Over the past few years, as we’ve looked deeper and farther into the early universe, astronomers have discovered something extremely puzzling.
By the time the universe was a billion years old, giant black holes, billions more massive than our sun, had somehow already formed. Based on what we know about the formation and growth of black holes, the existence of “behemoths” of this size is extremely difficult to explain. How did they appear so soon after the big bang? How did they grow so big?
Recently, supercomputer simulations revealed an origin scenario that explains how they formed without the need for exotic environmental conditions: rare reservoirs of turbulent cold gas that collapsed into stars more massive than any stars in the present Universe.
“In the center of most massive galaxies today, there is a supermassive black hole; They are millions and billions more massive than our Sun. But in 2003, we began to discover quasars like the beacons of the early universe, that is, extremely bright, actively absorbing matter, supermassive black holes that already existed less than a billion years after the Big Bang,” says Daniel Whalen, a cosmologist at the University of Portsmouth in the UK.
According to his own statement, no one knew how they were formed in such an early age. The discovery is particularly exciting because it finally puts an end to a 20-year-old mystery about the origin of the universe’s first supermassive black holes.
There are two main schools of thought regarding the formation of supermassive black holes. The first is the bottom-up model. One massive star dies, leaving behind a black hole about a hundred times more massive than the Sun.
Over time, and a very long time, the black hole swallows matter, growing larger and larger until it accumulates millions and billions more mass than the Sun. Such a thing is very difficult to imagine in quasars of the early universe.
Another option is if everything starts from the “seed” of a fairly large black hole, into which the mass of up to 100,000 Suns is gathered. The stars that must have collapsed to produce these black holes must have very short cosmic lives indeed, about 250,000 years, before collapsing into black holes.
To date, no stars of this mass are known to us, nor are we aware of any current formation mechanisms that would have produced them. However, the simulations showed that in the early universe, when environmental conditions were very different from today, such stars should theoretically have formed at the coalescence of rare but powerful, dense, turbulent streams of cold gas.
According to cosmologists, this would require some truly exotic environmental conditions, such as strong ultraviolet radiation backgrounds or supersonic flows between gas and dark matter.
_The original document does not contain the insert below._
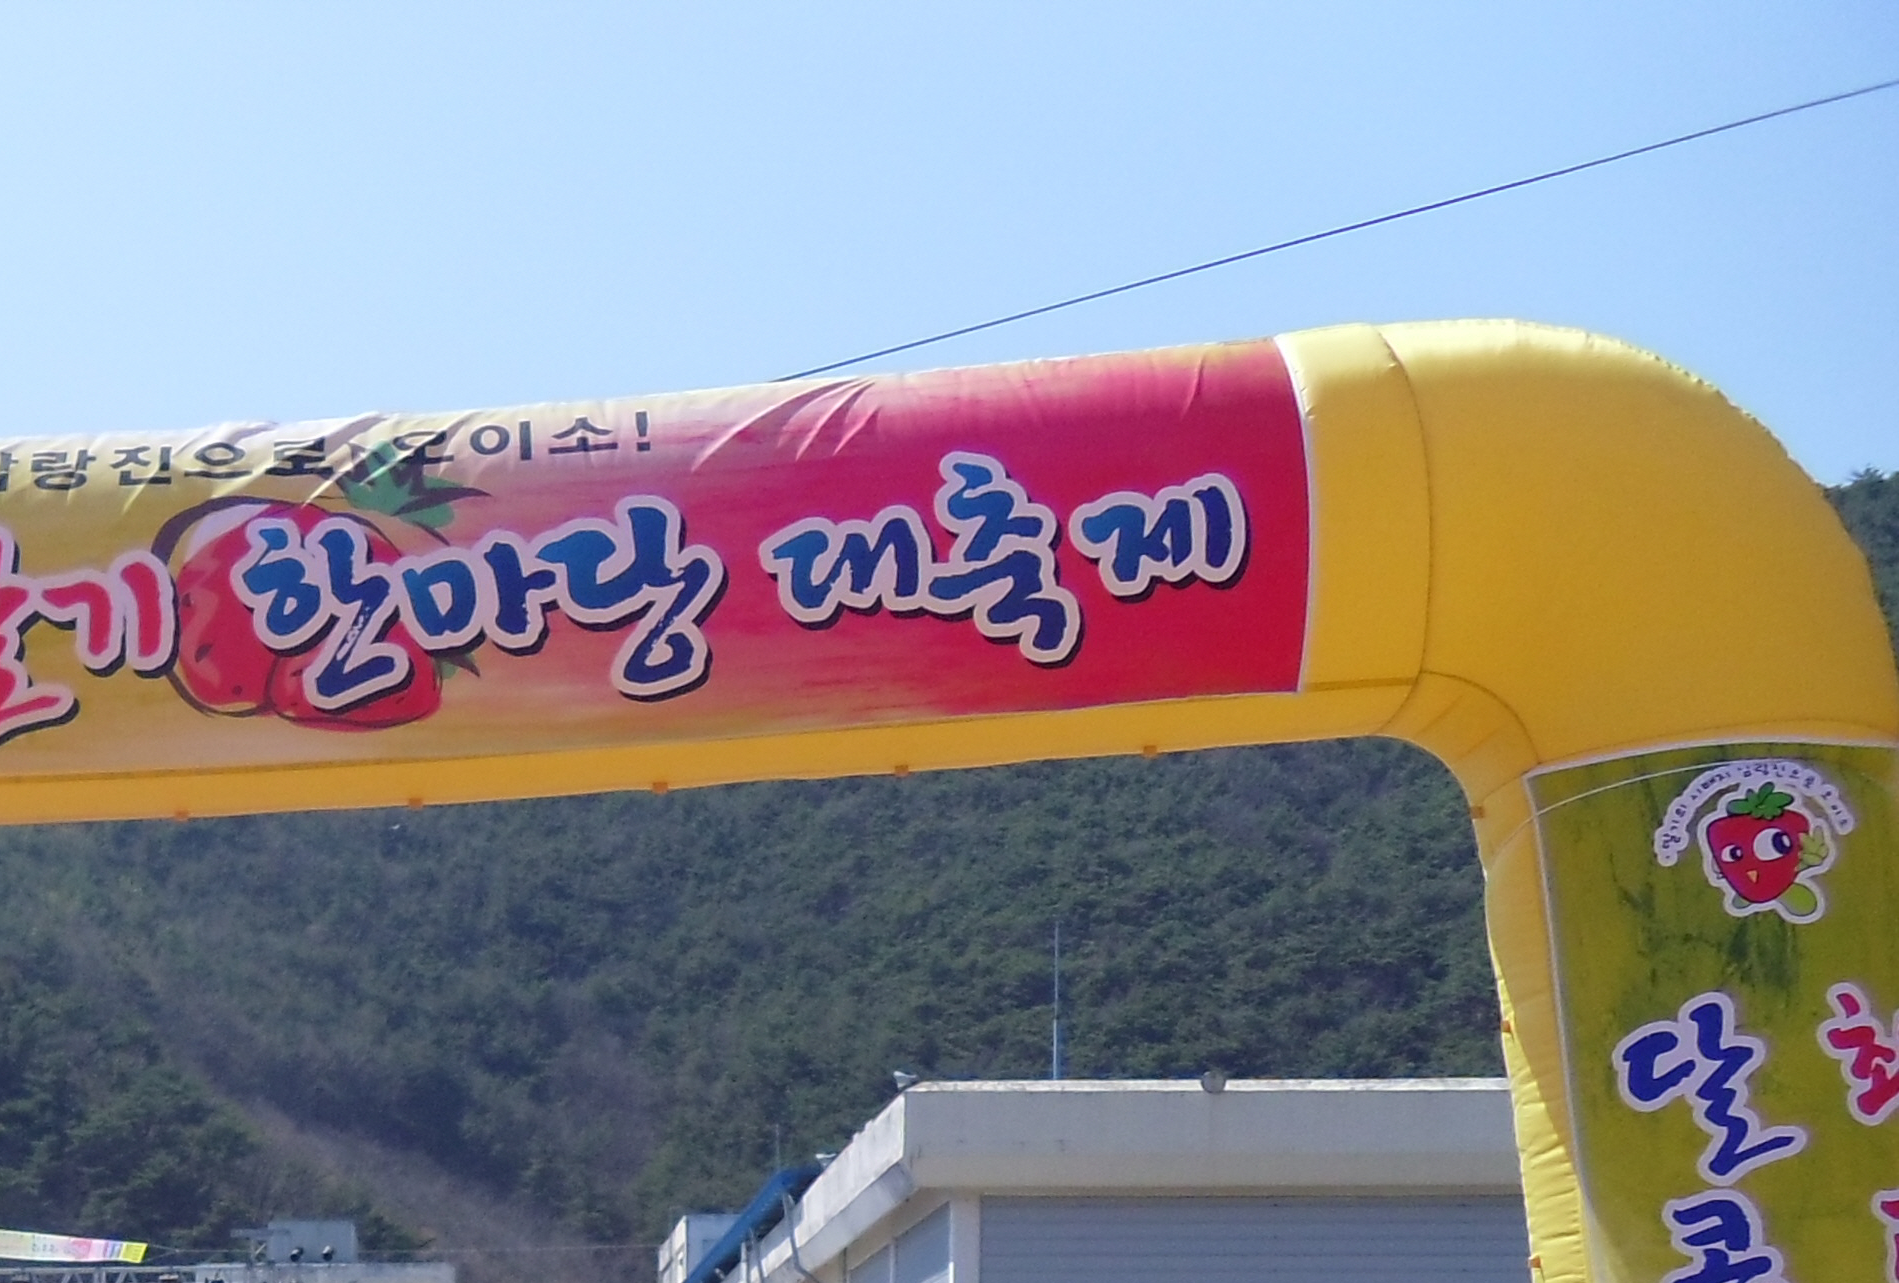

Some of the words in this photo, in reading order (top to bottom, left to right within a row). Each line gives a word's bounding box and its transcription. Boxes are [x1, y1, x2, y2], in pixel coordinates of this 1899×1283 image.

[392, 410, 652, 466] 오이소!
[235, 498, 719, 704] 한마당
[763, 455, 1243, 660] 대축제
None of these exotic environments resemble the environmental conditions in which these early universe quasars formed.
A team of researchers from the United Arab Emirates University, led by astrophysicist Muhammad Latif, conducted simulations of gas flows, which showed that supermassive black holes were formed spontaneously by the interaction of these flows, without the need for exotic environmental conditions.
In the simulations, the turbulence of the intersecting streams prevented the formation of normal, present-day stars. This usually happens when a clump of matter in a cold cloud collapses under gravity to form a baby star, but when there is too much turbulence, the environmental conditions are not stable enough for this process to occur.
However, in the simulations, the cloud gradually grew so massive that it catastrophically collapsed into two giant stars, 31,000 and 40,000 times the mass of our Sun.
If the gas streams continue to flow into the clouds, billions of massive supermassive black holes could form and grow on the Sun in just a few hundred million years.
“Accordingly, shortly after the cosmic dawn, only primordial clouds should have been able to form massive quasar ‘seeds’, when the first stars formed in the universe.” “These simple, beautiful results not only explain the origin of the first quasars, but also their demography—their numbers in the early universe,” Valen concludes.
According to him, the first supermassive black holes were simply the natural result of structure formation in the cold dark matter cosmology.
The study was published in the journal Nature.
Prepared from port.ac.uk and ScienceAlert.